YOUR GOAL
Although the records contain pictures, only their text should be set down, exactly as written.

DATA LISTING
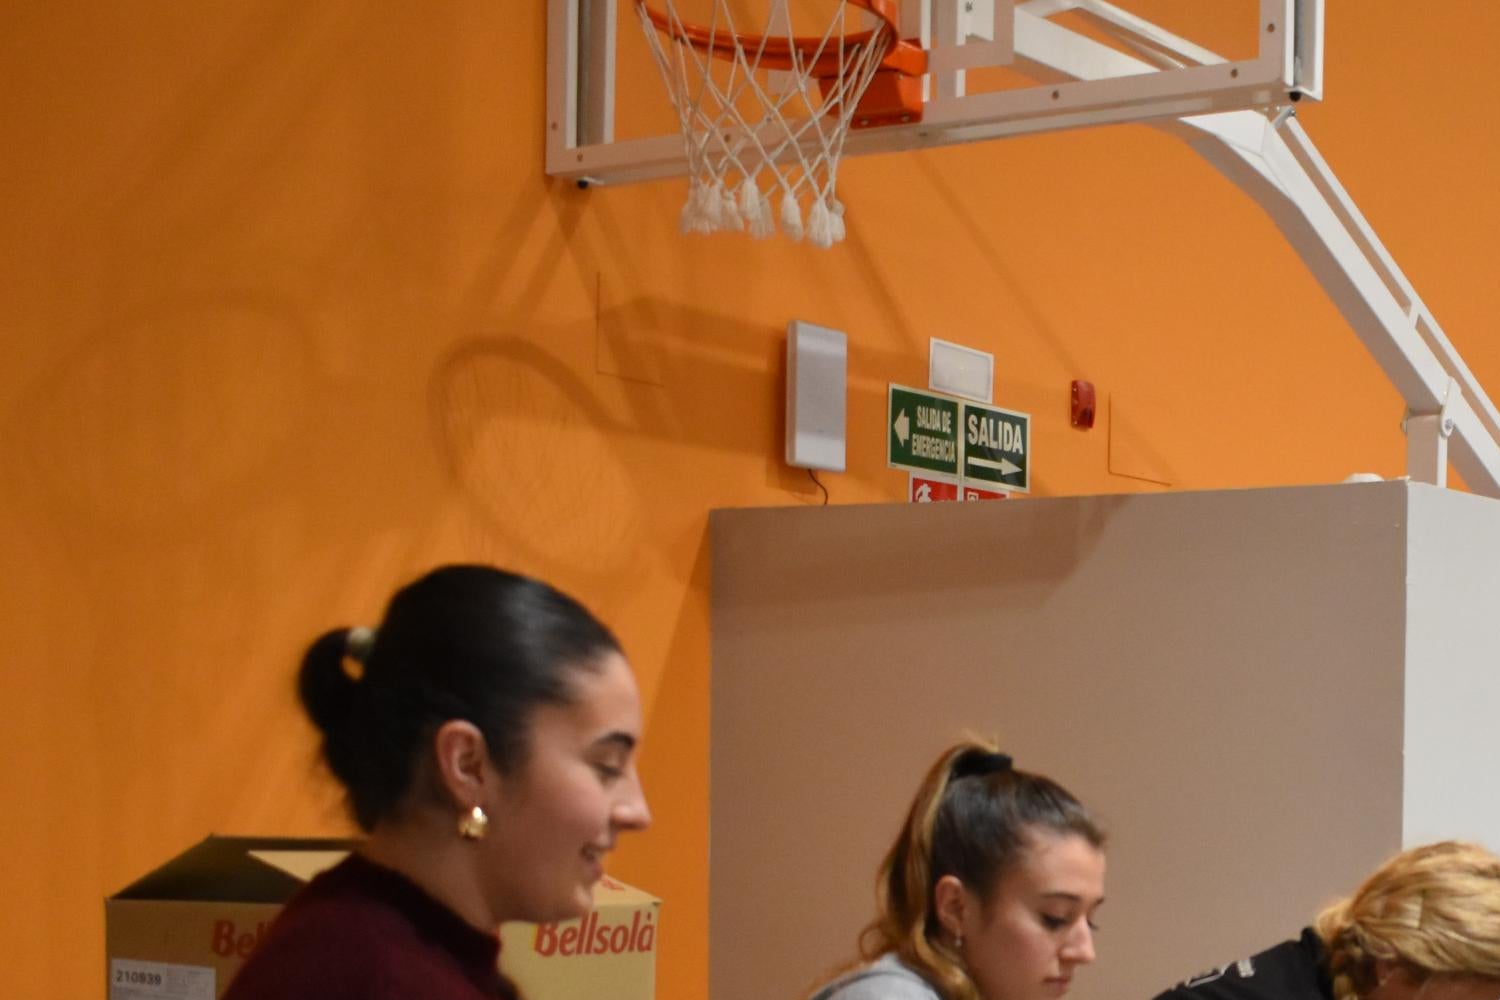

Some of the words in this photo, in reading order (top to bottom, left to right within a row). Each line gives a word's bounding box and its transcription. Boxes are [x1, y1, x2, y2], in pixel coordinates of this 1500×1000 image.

[916, 405, 940, 431] SALIDA
[942, 411, 951, 433] DE
[911, 433, 956, 463] EMERGENCIA
[968, 414, 1023, 455] SALIDA
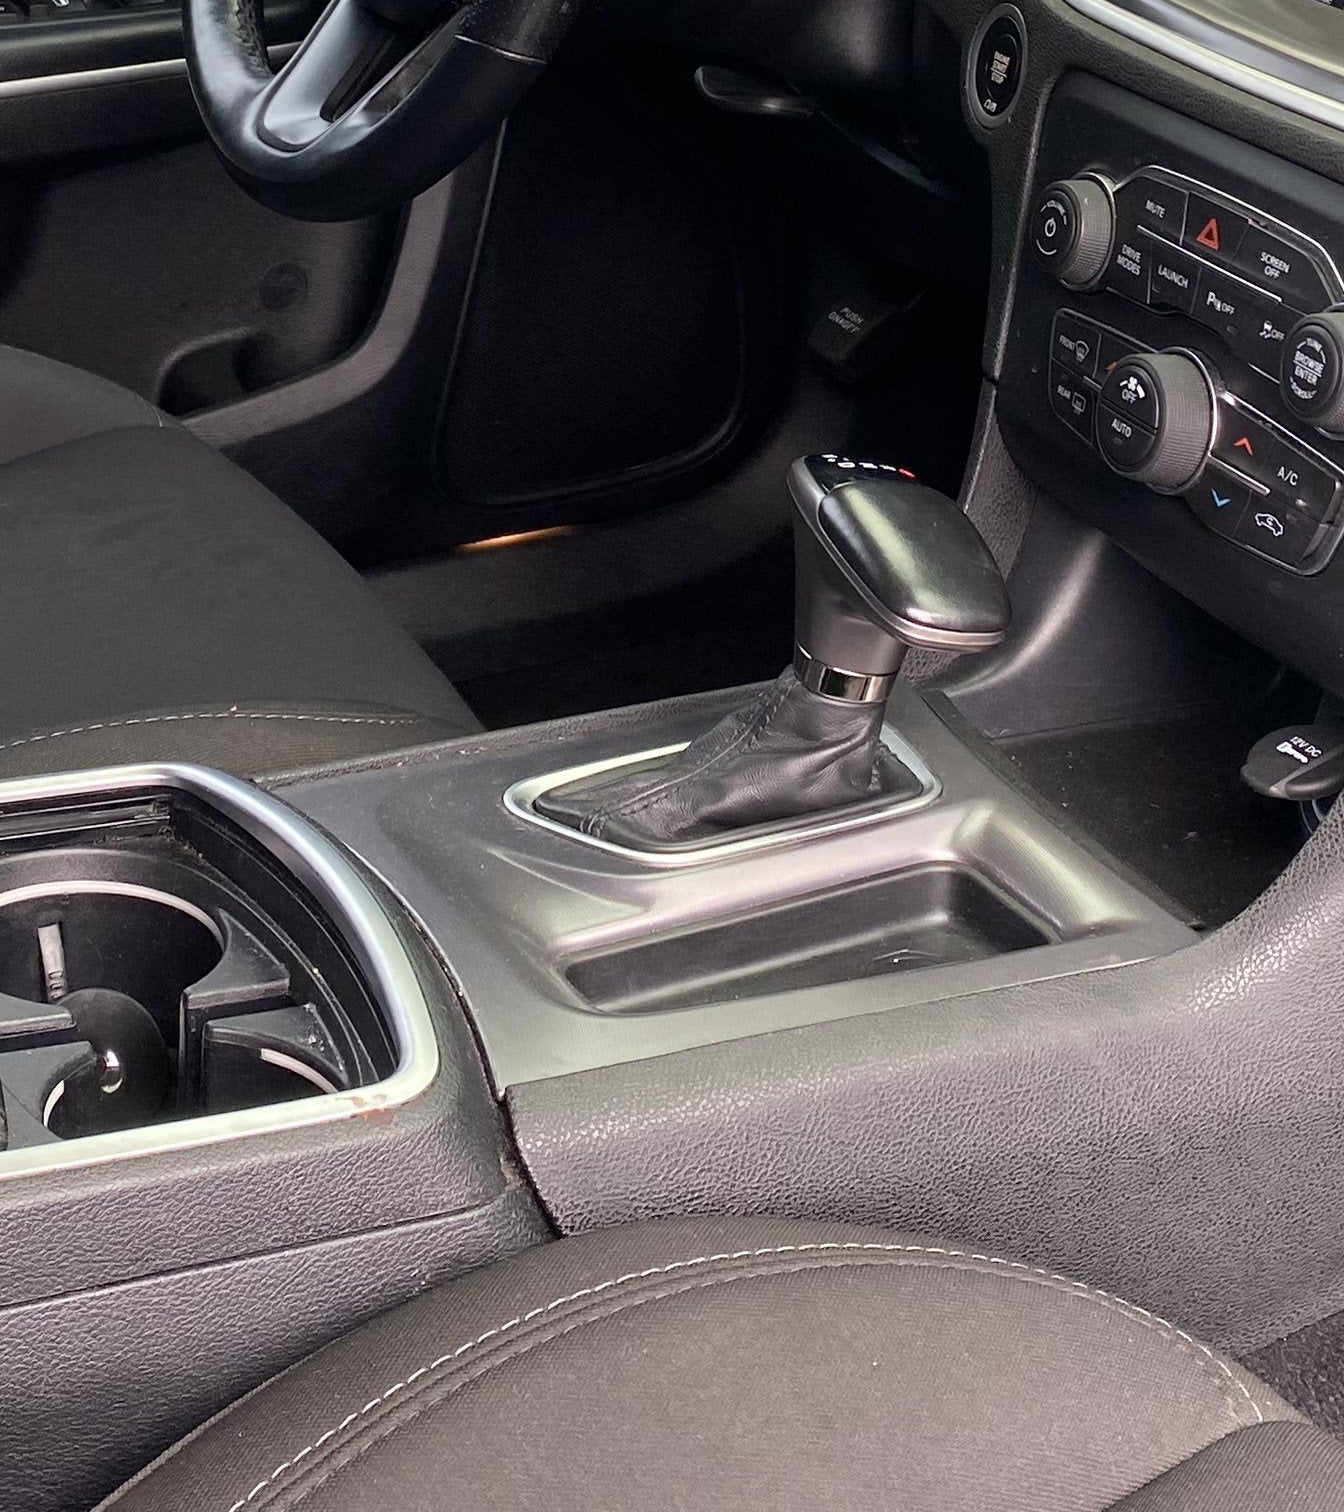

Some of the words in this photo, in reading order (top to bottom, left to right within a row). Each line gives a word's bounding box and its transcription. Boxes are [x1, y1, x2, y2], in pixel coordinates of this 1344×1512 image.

[1145, 199, 1166, 219] MUTE
[1121, 243, 1142, 263] DRIVE
[1260, 251, 1291, 274] SCREEN
[1116, 254, 1142, 276] MODES
[1263, 265, 1281, 280] OFF
[1157, 264, 1189, 289] LAUNCH
[1221, 301, 1236, 315] OFF
[1059, 334, 1076, 351] FRONT
[1271, 328, 1285, 342] OFF
[1294, 350, 1325, 374] BROWSE
[1294, 364, 1319, 386] ENTER
[1057, 384, 1072, 400] REAR
[1121, 388, 1138, 405] OFF
[1111, 417, 1132, 438] AUTO
[1276, 465, 1299, 486] A/C
[1289, 736, 1310, 749] 12V
[1305, 745, 1322, 758] DC
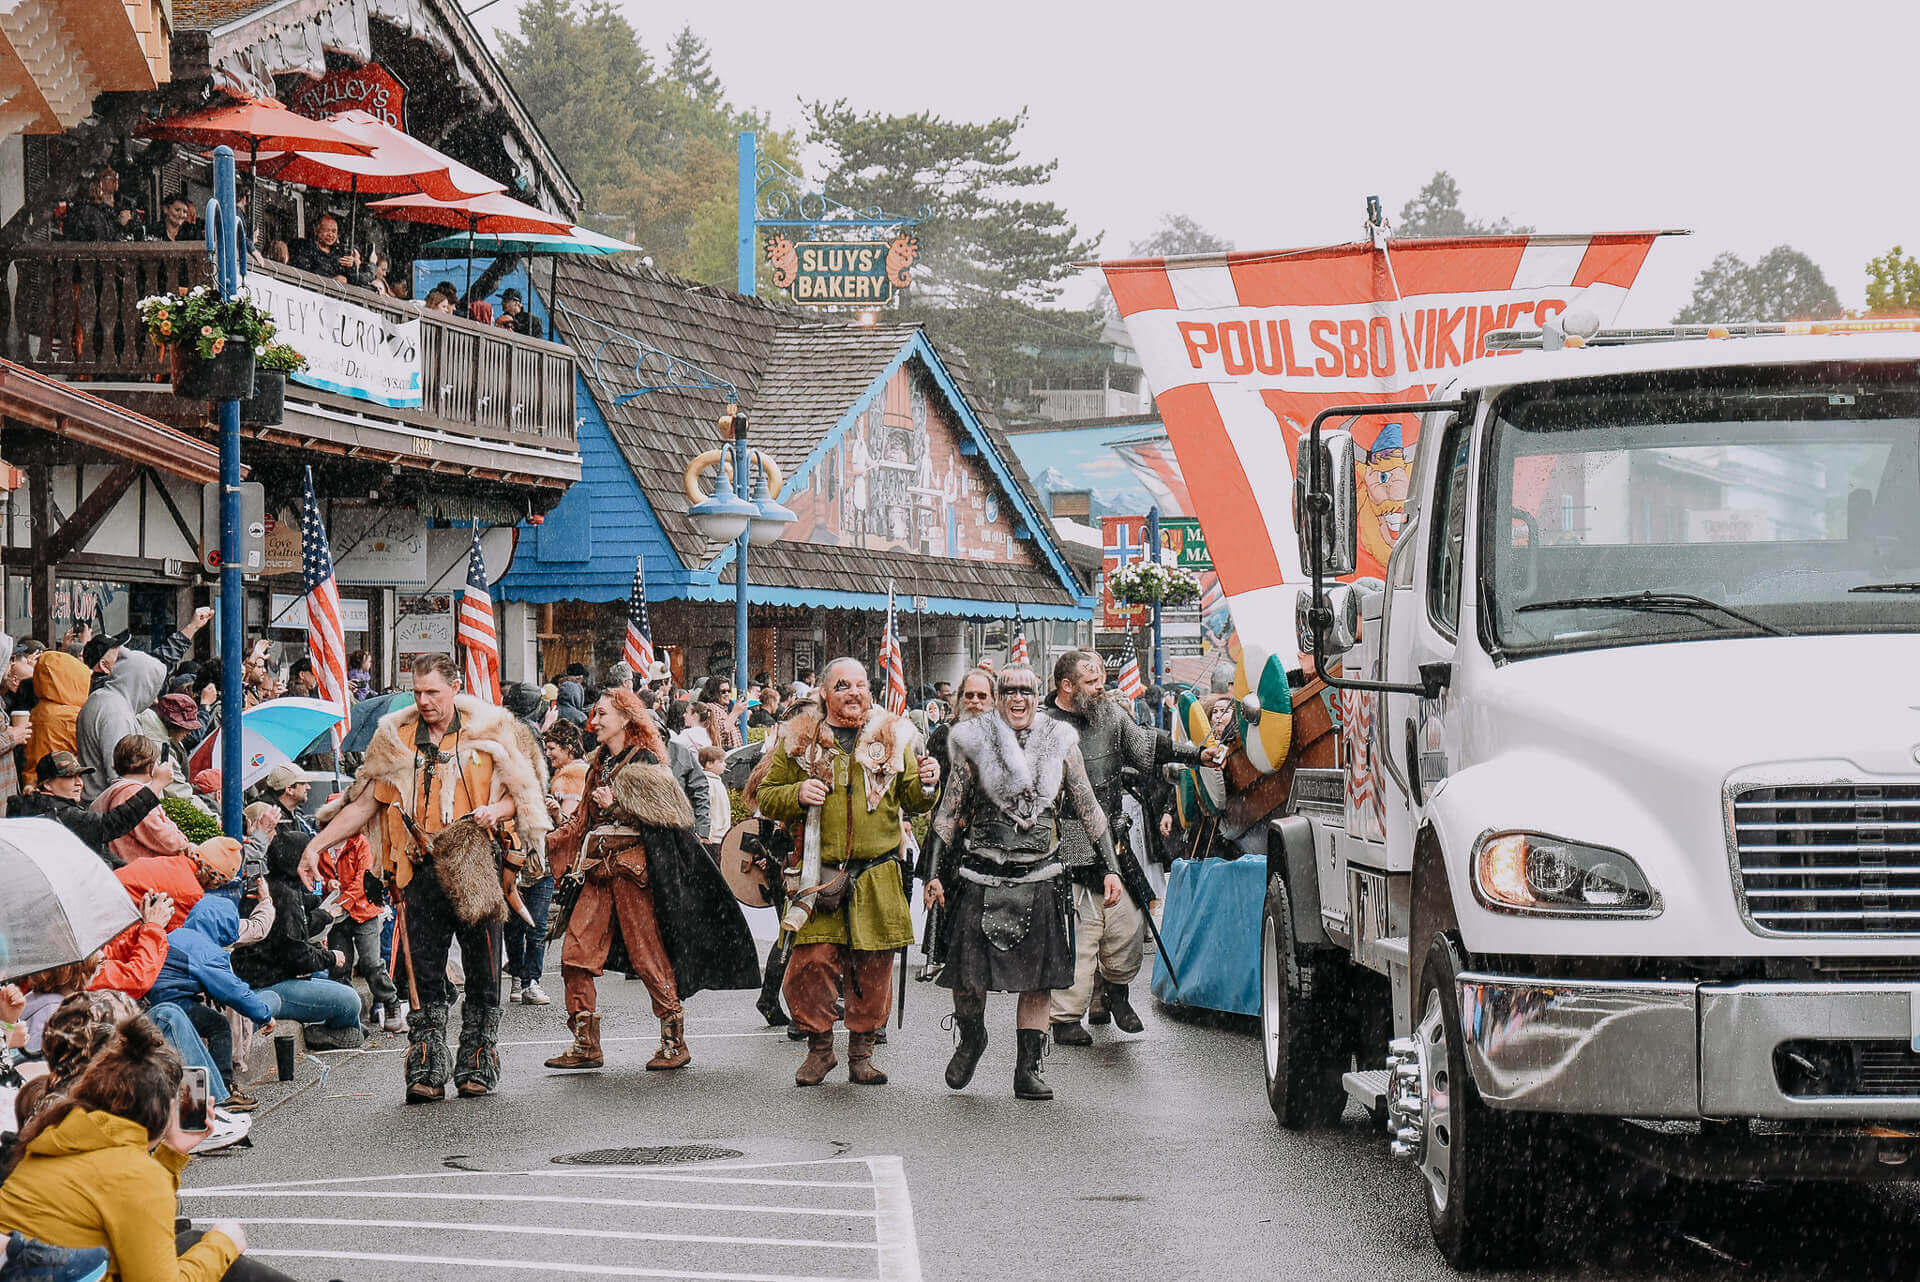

ANSWER SPACE
Some of the words in this photo, in reading order (top to bottom, left to right within a row). Each line gives a word's bounding box and its transcription. Boxes are [x1, y1, x2, y2], in pixel coordinates of this 1500×1000 image.

[916, 405, 940, 431] SALIDA
[942, 411, 951, 433] DE
[911, 433, 956, 463] EMERGENCIA
[968, 414, 1023, 455] SALIDA

Some of the words in this photo, in reading order (top to bottom, left to right within a row). Each line gives a word's bounding box and its transcription. Boxes are [x1, y1, x2, y2], in pixel coordinates of this 1344×1512 image.

[1145, 199, 1166, 219] MUTE
[1121, 243, 1142, 263] DRIVE
[1260, 251, 1291, 274] SCREEN
[1116, 254, 1142, 276] MODES
[1263, 265, 1281, 280] OFF
[1157, 264, 1189, 289] LAUNCH
[1221, 301, 1236, 315] OFF
[1059, 334, 1076, 351] FRONT
[1271, 328, 1285, 342] OFF
[1294, 350, 1325, 374] BROWSE
[1294, 364, 1319, 386] ENTER
[1057, 384, 1072, 400] REAR
[1121, 388, 1138, 405] OFF
[1111, 417, 1132, 438] AUTO
[1276, 465, 1299, 486] A/C
[1289, 736, 1310, 749] 12V
[1305, 745, 1322, 758] DC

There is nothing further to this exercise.